For those who are more easily capable of compartmentalizing the awful, scary, or disappointing things in life, it can be very challenging to understand the complete alienation, darkness, and suffocating nature of depression. It is particularly painful to watch someone you love go though this as well. But there are certain things you can do to offer someone you care about the support they need when they are under that veil of hopelessness.


Dr. Susan George, MD, says, "Be a supportive and nonjudgmental listener." This is the most simple and effective advice as sometimes it's all a person needs. You won't solve their problems, but the support can go a long way. It's important that you hear them out. You may not fully grasp the scope of their problem, but it is crucial that you put them first in the conversation and relinquish any opinions of your own. Really make yourself available to allow them to feel heard.

Don't Discredit Their Feelings

It is important to stay away from phrases like "That's stupid!" or "Why would you ever think that?" or "Snap out of it!" They feel the way they do for a reason, whether or not that makes sense to you. Make sure that if they open up to you, you validate how they feel and instead offer words of encouragement and positive connotations.

Do Not Judge

To emphasize Dr. George's "nonjudgmental" advice, this is crucial. If anything adds to depression and anxiety when someone is fully enveloped in it, it's feeling like they are "weird" or "unusual." You already feel alone when going through depression, you don't want to add any additional judgment to the mix because that will just worsen. So in order to truly help and be there, you need to stay open-minded, and any strong opinion by way of what they are going through should likely be kept to yourself.

Offer Support of Seeking Help

There is no shame in seeking professional help. Dr. George even says if you notice your friend is stopping their usual activities and daily routines, it is best to suggest it. In fact, that is one of the best ways to fight depression. It is important to learn the tools needed in order to restructure thinking habits. It is also therapeutic for a person to discover where their issue may stem from, how to learn their triggers, and how to ignore or navigate them. Encourage your friend to try this option out. Sometimes therapy can intimidate a person, but it is important to know that they don't feel weak or even more isolated by going.

Also, there is no shame in medication either.
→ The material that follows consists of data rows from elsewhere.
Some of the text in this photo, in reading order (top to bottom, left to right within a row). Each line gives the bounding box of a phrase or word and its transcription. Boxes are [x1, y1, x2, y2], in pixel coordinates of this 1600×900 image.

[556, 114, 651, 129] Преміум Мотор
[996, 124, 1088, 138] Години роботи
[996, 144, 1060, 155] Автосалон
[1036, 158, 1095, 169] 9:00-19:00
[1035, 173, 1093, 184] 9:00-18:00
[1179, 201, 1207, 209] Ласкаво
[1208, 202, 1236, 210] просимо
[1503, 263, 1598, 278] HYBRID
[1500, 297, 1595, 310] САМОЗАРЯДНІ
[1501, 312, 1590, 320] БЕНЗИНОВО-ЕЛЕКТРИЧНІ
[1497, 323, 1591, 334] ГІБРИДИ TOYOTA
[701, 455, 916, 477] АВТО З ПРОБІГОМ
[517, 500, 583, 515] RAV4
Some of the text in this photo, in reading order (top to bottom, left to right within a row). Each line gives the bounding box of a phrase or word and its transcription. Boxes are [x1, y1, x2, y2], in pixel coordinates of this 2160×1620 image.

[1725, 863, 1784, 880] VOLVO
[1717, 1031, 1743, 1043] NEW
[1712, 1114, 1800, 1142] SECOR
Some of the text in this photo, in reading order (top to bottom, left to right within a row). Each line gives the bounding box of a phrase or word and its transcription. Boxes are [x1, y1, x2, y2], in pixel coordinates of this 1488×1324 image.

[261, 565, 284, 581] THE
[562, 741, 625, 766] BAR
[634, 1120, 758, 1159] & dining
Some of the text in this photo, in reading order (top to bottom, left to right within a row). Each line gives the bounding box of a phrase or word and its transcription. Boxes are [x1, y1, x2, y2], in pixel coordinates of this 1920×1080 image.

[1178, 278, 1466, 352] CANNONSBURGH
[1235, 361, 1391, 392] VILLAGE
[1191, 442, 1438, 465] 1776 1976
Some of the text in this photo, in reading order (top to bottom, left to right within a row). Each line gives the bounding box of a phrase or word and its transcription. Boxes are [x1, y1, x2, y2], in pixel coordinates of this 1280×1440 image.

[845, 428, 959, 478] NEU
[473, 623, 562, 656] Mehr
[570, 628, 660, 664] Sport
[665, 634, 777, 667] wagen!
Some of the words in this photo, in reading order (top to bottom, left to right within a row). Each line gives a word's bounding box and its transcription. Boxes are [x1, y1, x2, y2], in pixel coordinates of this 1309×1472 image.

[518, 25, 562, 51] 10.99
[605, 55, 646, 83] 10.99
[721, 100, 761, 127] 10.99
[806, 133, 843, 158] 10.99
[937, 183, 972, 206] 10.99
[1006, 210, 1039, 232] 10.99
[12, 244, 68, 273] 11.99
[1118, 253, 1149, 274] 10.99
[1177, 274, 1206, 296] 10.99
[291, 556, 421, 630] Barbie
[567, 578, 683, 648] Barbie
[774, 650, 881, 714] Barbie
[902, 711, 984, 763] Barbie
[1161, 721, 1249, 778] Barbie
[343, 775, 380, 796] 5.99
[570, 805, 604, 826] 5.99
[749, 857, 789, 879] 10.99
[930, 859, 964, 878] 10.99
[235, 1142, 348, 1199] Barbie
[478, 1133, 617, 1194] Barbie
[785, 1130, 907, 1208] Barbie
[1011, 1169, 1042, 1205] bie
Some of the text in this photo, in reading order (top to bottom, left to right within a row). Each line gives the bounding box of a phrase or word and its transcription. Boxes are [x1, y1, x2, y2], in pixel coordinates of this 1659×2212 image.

Let them know you fully support them visiting their doctor to see what options may help there. Sometimes there is just a chemical imbalance that can easily be corrected. People need medication for all different things and mental health is no different than a diabetic or person with high blood pressure taking medication.

Be Patient

It can be frustrating to watch someone you care about go through pain. Just remember that it is your job to be supportive and loving and patience is a key in this.

Make a Plan

Make a plan and put something on your calendars that is easy, fun, and light — like a play, a dinner, or a day in the park. Dr. George suggest a bike ride or morning ride together as exercise helps the body naturally fight depression. Activity also keeps the brain busy and can help a person going through depression start to focus on other things.

Validate Your Love For Them

No matter what, it is important to let this person know that you care about them and love them. Make sure they understand that you will be there no matter what. That sort of support can really help a person fight through the negativity and feel worthy.